# [Listed records]
+ + +
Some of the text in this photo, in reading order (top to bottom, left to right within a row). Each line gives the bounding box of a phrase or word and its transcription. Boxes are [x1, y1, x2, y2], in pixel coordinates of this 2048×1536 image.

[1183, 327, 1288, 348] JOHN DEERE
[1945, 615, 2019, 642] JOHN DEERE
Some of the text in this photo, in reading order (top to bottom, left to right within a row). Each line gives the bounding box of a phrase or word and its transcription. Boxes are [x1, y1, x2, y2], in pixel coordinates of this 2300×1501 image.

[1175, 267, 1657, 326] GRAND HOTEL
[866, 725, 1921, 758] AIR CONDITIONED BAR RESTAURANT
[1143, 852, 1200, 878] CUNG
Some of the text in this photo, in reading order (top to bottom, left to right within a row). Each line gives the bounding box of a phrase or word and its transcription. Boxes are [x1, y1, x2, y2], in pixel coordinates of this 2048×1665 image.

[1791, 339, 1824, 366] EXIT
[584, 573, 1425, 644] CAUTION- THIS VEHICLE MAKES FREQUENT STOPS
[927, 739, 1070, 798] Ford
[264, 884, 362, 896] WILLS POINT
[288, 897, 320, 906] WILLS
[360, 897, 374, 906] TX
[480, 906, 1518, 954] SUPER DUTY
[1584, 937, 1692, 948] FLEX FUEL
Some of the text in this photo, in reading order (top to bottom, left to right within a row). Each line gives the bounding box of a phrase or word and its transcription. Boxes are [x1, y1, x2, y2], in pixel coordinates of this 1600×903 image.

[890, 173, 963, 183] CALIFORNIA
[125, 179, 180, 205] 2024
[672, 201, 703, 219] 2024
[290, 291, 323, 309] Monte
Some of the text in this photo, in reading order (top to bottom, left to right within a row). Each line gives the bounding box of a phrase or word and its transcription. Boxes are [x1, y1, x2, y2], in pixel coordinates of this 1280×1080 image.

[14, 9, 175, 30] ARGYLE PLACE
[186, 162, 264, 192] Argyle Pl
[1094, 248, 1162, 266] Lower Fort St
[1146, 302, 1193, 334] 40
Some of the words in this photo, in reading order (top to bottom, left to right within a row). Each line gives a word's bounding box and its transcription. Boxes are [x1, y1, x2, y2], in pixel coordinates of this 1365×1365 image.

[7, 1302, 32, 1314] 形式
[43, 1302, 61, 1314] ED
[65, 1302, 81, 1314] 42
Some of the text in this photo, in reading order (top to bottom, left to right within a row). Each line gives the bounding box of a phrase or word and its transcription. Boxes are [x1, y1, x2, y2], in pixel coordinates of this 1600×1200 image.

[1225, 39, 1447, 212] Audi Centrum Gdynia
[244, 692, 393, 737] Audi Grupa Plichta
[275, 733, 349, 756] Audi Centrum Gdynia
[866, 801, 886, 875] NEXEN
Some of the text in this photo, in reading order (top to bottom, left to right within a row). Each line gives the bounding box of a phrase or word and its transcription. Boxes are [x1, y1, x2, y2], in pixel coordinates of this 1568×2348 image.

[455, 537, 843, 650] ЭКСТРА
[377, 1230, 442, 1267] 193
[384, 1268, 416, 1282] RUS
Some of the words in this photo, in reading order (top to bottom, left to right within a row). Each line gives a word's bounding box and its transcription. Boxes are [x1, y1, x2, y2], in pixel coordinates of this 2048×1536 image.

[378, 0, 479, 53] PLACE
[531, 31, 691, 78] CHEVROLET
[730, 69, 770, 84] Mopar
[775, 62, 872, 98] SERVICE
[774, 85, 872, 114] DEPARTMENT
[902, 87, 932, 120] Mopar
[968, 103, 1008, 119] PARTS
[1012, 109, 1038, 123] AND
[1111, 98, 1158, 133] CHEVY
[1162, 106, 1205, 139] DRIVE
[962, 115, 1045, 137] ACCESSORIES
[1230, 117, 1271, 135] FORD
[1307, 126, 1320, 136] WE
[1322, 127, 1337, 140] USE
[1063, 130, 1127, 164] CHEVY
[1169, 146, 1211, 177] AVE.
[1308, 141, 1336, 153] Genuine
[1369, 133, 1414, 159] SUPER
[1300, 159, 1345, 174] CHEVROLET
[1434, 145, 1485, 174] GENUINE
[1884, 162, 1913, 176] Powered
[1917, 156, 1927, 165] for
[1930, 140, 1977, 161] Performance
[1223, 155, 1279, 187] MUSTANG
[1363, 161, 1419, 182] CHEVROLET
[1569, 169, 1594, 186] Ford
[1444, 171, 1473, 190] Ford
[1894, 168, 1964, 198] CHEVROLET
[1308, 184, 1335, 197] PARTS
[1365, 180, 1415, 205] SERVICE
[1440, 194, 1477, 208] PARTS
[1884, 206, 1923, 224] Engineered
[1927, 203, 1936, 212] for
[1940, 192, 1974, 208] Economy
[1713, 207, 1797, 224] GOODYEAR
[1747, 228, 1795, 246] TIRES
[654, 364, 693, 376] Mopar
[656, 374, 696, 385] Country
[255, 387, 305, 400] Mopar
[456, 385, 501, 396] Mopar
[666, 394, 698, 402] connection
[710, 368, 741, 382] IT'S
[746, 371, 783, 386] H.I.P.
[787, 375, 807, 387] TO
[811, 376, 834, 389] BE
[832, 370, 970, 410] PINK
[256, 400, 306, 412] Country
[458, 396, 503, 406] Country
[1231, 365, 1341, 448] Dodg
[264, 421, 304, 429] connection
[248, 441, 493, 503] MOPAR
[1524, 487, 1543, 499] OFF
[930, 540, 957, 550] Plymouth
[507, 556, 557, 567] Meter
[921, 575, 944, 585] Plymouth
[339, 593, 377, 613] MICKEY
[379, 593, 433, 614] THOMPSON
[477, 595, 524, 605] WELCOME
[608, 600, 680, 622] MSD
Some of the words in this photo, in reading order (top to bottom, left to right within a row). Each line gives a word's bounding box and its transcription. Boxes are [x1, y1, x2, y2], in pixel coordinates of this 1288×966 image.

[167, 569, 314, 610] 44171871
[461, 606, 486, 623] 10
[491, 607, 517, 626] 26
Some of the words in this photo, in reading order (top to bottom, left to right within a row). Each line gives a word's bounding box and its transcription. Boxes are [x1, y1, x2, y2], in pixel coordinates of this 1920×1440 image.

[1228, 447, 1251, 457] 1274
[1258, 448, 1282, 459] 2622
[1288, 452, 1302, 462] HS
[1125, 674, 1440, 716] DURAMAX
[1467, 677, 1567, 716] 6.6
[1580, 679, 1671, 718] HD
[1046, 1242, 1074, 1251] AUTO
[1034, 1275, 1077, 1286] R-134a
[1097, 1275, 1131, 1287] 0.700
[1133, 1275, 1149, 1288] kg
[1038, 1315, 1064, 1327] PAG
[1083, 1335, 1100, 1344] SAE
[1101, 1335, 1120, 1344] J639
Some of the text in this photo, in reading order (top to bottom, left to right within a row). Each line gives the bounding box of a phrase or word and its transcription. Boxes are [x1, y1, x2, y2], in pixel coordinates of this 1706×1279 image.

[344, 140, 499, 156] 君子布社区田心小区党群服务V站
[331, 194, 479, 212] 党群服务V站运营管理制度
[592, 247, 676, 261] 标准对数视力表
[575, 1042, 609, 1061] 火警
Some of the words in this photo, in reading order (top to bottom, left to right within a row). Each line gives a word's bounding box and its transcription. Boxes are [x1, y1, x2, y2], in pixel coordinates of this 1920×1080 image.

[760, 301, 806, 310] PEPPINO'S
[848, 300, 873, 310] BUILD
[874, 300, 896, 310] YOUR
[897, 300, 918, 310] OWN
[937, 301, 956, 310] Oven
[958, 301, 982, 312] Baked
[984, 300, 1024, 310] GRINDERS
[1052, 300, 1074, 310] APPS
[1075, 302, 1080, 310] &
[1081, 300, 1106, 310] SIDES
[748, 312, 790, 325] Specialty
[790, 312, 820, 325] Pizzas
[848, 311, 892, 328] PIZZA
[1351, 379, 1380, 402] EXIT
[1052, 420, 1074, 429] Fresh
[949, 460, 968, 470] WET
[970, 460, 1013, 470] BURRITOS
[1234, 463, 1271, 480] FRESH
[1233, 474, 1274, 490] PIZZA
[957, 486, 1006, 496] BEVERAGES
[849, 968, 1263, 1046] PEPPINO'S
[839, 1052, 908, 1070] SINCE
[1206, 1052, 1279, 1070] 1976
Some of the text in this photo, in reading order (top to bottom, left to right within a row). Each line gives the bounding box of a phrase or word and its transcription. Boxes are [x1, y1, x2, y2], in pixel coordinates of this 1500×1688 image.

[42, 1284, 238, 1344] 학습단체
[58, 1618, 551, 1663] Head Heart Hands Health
+ + +
# [Problem requirements]
Reproduce, with no other lines, the run of lines that begins with the one containing "this 1500×1688 image." and ends with the last line of the material.

# [Output of the exercise]
Some of the text in this photo, in reading order (top to bottom, left to right within a row). Each line gives the bounding box of a phrase or word and its transcription. Boxes are [x1, y1, x2, y2], in pixel coordinates of this 1500×1688 image.

[42, 1284, 238, 1344] 학습단체
[58, 1618, 551, 1663] Head Heart Hands Health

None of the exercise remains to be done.